=== TASK GOAL ===
Each record below needs to be written out exactly as it reads.

=== ENTRIES SUPPLIED ===
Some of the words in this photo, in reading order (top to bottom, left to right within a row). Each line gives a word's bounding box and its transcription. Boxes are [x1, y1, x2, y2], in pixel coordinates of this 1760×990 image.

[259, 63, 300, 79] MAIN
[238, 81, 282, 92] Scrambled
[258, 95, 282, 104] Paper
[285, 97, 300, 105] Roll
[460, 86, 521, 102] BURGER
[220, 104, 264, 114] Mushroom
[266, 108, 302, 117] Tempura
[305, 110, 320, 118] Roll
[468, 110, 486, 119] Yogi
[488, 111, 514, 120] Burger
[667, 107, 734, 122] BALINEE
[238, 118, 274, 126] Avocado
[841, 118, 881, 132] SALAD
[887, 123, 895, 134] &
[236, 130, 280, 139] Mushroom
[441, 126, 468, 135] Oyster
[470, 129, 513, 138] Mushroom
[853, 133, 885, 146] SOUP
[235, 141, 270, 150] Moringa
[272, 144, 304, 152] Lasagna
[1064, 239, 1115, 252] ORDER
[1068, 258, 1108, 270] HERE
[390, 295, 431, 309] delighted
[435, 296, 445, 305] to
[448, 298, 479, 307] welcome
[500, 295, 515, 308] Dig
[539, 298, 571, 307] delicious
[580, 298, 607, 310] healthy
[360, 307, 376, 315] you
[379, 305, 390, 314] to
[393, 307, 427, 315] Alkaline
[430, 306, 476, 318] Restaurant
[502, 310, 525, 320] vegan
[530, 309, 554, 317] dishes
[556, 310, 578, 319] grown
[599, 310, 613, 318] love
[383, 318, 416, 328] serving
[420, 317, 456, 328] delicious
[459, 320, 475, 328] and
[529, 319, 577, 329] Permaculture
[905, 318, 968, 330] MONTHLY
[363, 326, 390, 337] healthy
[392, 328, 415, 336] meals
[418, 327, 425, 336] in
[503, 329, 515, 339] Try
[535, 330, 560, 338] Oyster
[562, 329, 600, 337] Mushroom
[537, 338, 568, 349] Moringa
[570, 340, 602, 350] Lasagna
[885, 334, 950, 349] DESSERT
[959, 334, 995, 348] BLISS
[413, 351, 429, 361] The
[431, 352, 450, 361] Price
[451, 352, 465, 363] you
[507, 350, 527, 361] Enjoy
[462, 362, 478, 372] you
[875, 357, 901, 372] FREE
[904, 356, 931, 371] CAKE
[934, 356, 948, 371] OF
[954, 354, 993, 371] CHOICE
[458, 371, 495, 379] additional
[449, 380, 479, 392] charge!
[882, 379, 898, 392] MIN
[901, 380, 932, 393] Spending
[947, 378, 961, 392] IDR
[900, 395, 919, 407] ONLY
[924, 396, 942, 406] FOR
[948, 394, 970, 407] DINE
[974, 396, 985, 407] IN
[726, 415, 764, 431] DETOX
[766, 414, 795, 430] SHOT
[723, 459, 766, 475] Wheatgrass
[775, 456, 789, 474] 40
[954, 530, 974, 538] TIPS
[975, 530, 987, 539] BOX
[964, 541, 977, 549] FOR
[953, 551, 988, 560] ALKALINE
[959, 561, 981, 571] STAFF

=== ANSWER FOR THIS EXERCISE ===
Some of the words in this photo, in reading order (top to bottom, left to right within a row). Each line gives a word's bounding box and its transcription. Boxes are [x1, y1, x2, y2], in pixel coordinates of this 1760×990 image.

[259, 63, 300, 79] MAIN
[238, 81, 282, 92] Scrambled
[258, 95, 282, 104] Paper
[285, 97, 300, 105] Roll
[460, 86, 521, 102] BURGER
[220, 104, 264, 114] Mushroom
[266, 108, 302, 117] Tempura
[305, 110, 320, 118] Roll
[468, 110, 486, 119] Yogi
[488, 111, 514, 120] Burger
[667, 107, 734, 122] BALINEE
[238, 118, 274, 126] Avocado
[841, 118, 881, 132] SALAD
[887, 123, 895, 134] &
[236, 130, 280, 139] Mushroom
[441, 126, 468, 135] Oyster
[470, 129, 513, 138] Mushroom
[853, 133, 885, 146] SOUP
[235, 141, 270, 150] Moringa
[272, 144, 304, 152] Lasagna
[1064, 239, 1115, 252] ORDER
[1068, 258, 1108, 270] HERE
[390, 295, 431, 309] delighted
[435, 296, 445, 305] to
[448, 298, 479, 307] welcome
[500, 295, 515, 308] Dig
[539, 298, 571, 307] delicious
[580, 298, 607, 310] healthy
[360, 307, 376, 315] you
[379, 305, 390, 314] to
[393, 307, 427, 315] Alkaline
[430, 306, 476, 318] Restaurant
[502, 310, 525, 320] vegan
[530, 309, 554, 317] dishes
[556, 310, 578, 319] grown
[599, 310, 613, 318] love
[383, 318, 416, 328] serving
[420, 317, 456, 328] delicious
[459, 320, 475, 328] and
[529, 319, 577, 329] Permaculture
[905, 318, 968, 330] MONTHLY
[363, 326, 390, 337] healthy
[392, 328, 415, 336] meals
[418, 327, 425, 336] in
[503, 329, 515, 339] Try
[535, 330, 560, 338] Oyster
[562, 329, 600, 337] Mushroom
[537, 338, 568, 349] Moringa
[570, 340, 602, 350] Lasagna
[885, 334, 950, 349] DESSERT
[959, 334, 995, 348] BLISS
[413, 351, 429, 361] The
[431, 352, 450, 361] Price
[451, 352, 465, 363] you
[507, 350, 527, 361] Enjoy
[462, 362, 478, 372] you
[875, 357, 901, 372] FREE
[904, 356, 931, 371] CAKE
[934, 356, 948, 371] OF
[954, 354, 993, 371] CHOICE
[458, 371, 495, 379] additional
[449, 380, 479, 392] charge!
[882, 379, 898, 392] MIN
[901, 380, 932, 393] Spending
[947, 378, 961, 392] IDR
[900, 395, 919, 407] ONLY
[924, 396, 942, 406] FOR
[948, 394, 970, 407] DINE
[974, 396, 985, 407] IN
[726, 415, 764, 431] DETOX
[766, 414, 795, 430] SHOT
[723, 459, 766, 475] Wheatgrass
[775, 456, 789, 474] 40
[954, 530, 974, 538] TIPS
[975, 530, 987, 539] BOX
[964, 541, 977, 549] FOR
[953, 551, 988, 560] ALKALINE
[959, 561, 981, 571] STAFF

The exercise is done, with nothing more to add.